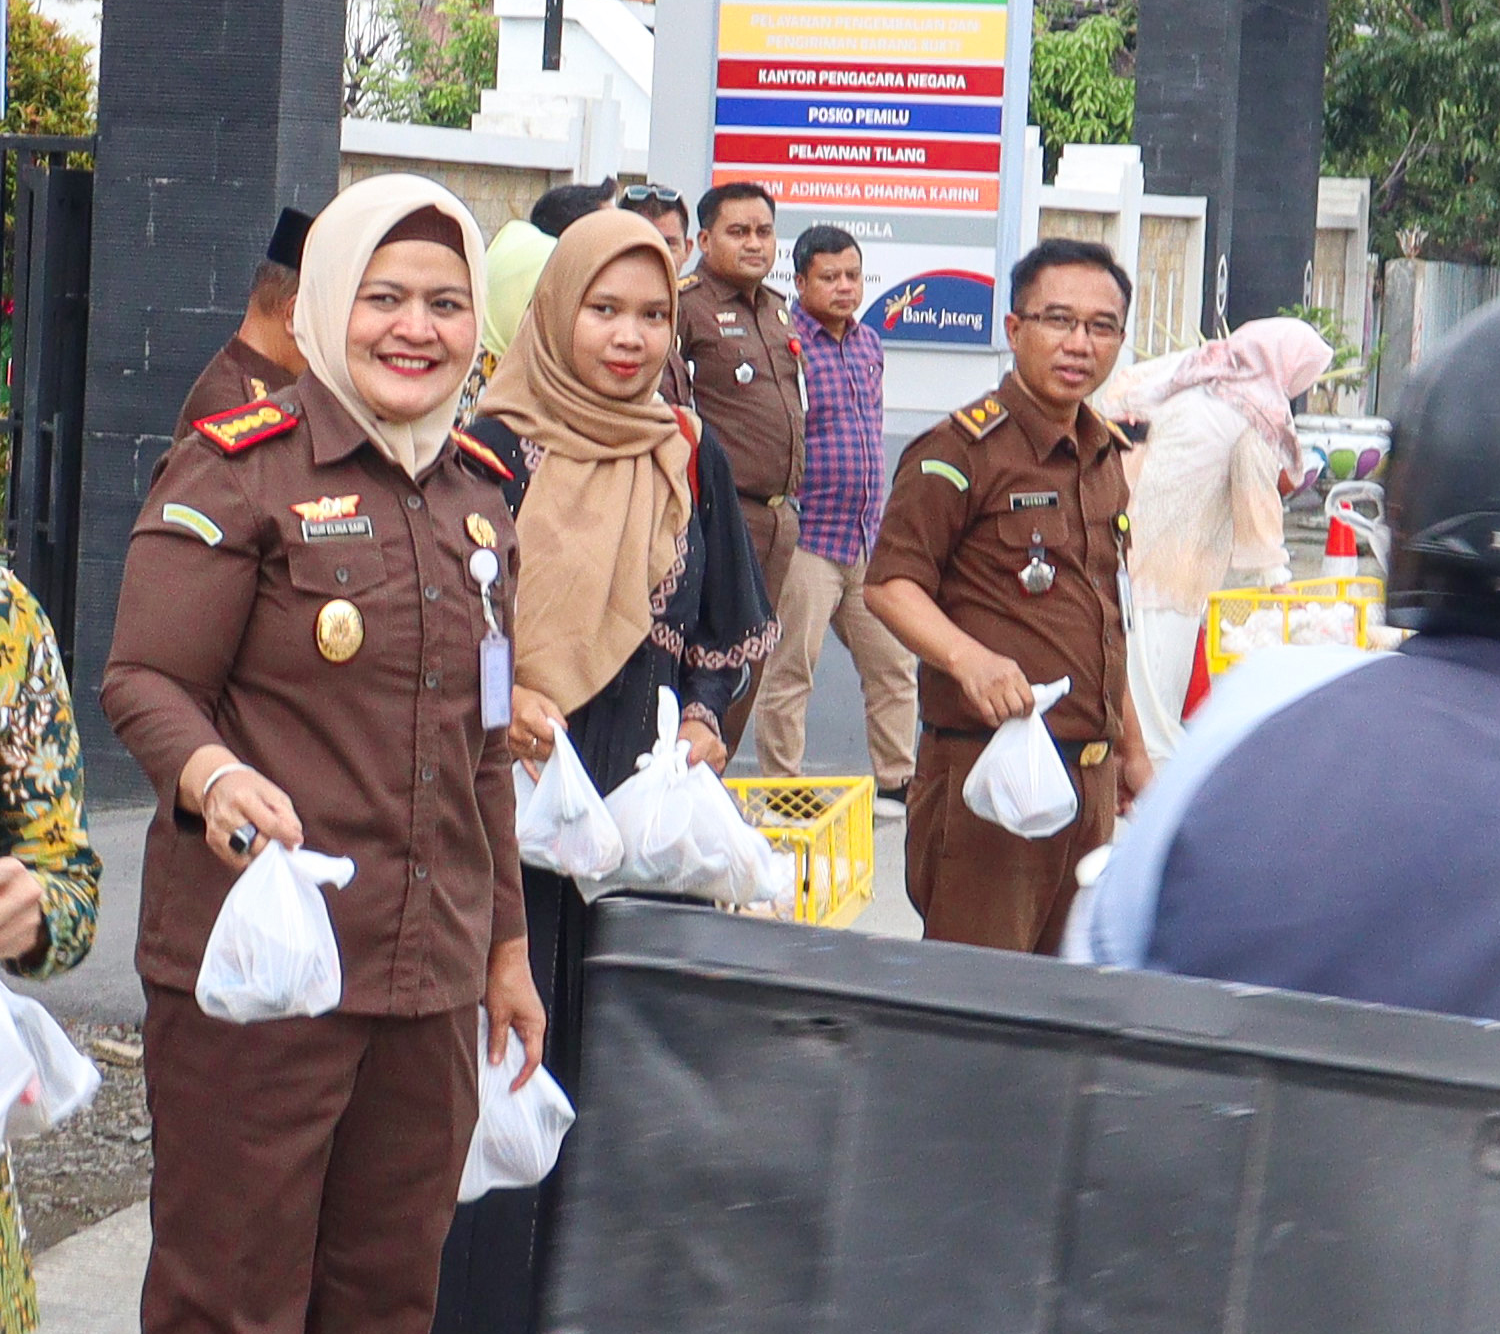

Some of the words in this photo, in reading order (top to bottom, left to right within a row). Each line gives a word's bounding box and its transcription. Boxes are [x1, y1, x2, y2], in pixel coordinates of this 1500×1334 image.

[758, 69, 816, 85] KANTOR
[819, 70, 904, 87] PENGACARA
[907, 73, 967, 89] NEGARA
[808, 106, 853, 123] POSKO
[855, 108, 910, 125] PEMILU
[789, 144, 871, 160] PELAYANAN
[874, 147, 926, 163] TILANG
[790, 183, 861, 199] ADHYAKSA
[865, 185, 926, 201] DHARMA
[929, 187, 979, 203] KARINI
[903, 307, 937, 325] Bank
[938, 308, 983, 331] Jateng

+---+

== Exercise prompt ==
Print the whole listing again exactly, please. No pictures.

== Output for this exercise ==
Some of the words in this photo, in reading order (top to bottom, left to right within a row). Each line gives a word's bounding box and its transcription. Boxes are [x1, y1, x2, y2], in pixel coordinates of this 1500×1334 image.

[758, 69, 816, 85] KANTOR
[819, 70, 904, 87] PENGACARA
[907, 73, 967, 89] NEGARA
[808, 106, 853, 123] POSKO
[855, 108, 910, 125] PEMILU
[789, 144, 871, 160] PELAYANAN
[874, 147, 926, 163] TILANG
[790, 183, 861, 199] ADHYAKSA
[865, 185, 926, 201] DHARMA
[929, 187, 979, 203] KARINI
[903, 307, 937, 325] Bank
[938, 308, 983, 331] Jateng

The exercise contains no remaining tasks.